Exercise prompt: When you transcribe the lines below, keep every word the same and leave the pictures behind.

Records to use:
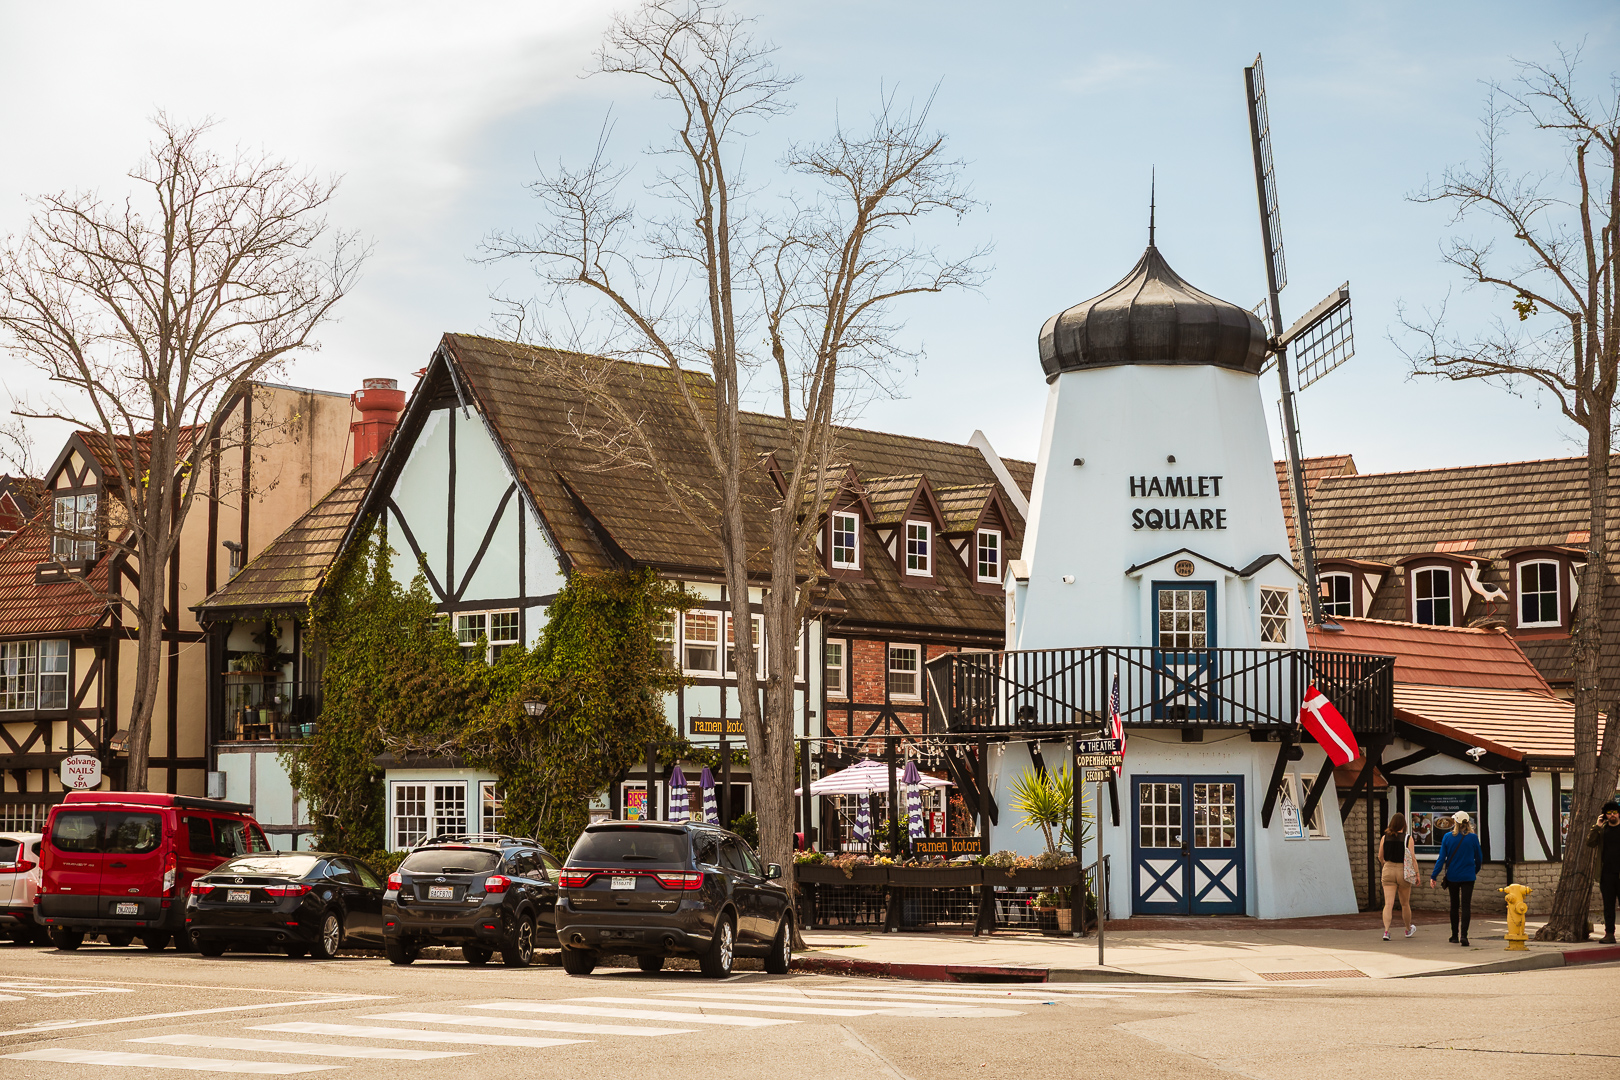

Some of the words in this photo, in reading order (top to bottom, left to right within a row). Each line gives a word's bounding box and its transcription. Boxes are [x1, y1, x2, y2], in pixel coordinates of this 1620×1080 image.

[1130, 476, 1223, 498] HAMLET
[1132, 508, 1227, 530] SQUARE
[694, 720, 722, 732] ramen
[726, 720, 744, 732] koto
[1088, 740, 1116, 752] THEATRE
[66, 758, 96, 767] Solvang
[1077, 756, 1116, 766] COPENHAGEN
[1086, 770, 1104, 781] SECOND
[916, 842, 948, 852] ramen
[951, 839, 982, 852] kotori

Exercise solution:
Some of the words in this photo, in reading order (top to bottom, left to right within a row). Each line gives a word's bounding box and its transcription. Boxes are [x1, y1, x2, y2], in pixel coordinates of this 1620×1080 image.

[1130, 476, 1223, 498] HAMLET
[1132, 508, 1227, 530] SQUARE
[694, 720, 722, 732] ramen
[726, 720, 744, 732] koto
[1088, 740, 1116, 752] THEATRE
[66, 758, 96, 767] Solvang
[1077, 756, 1116, 766] COPENHAGEN
[1086, 770, 1104, 781] SECOND
[916, 842, 948, 852] ramen
[951, 839, 982, 852] kotori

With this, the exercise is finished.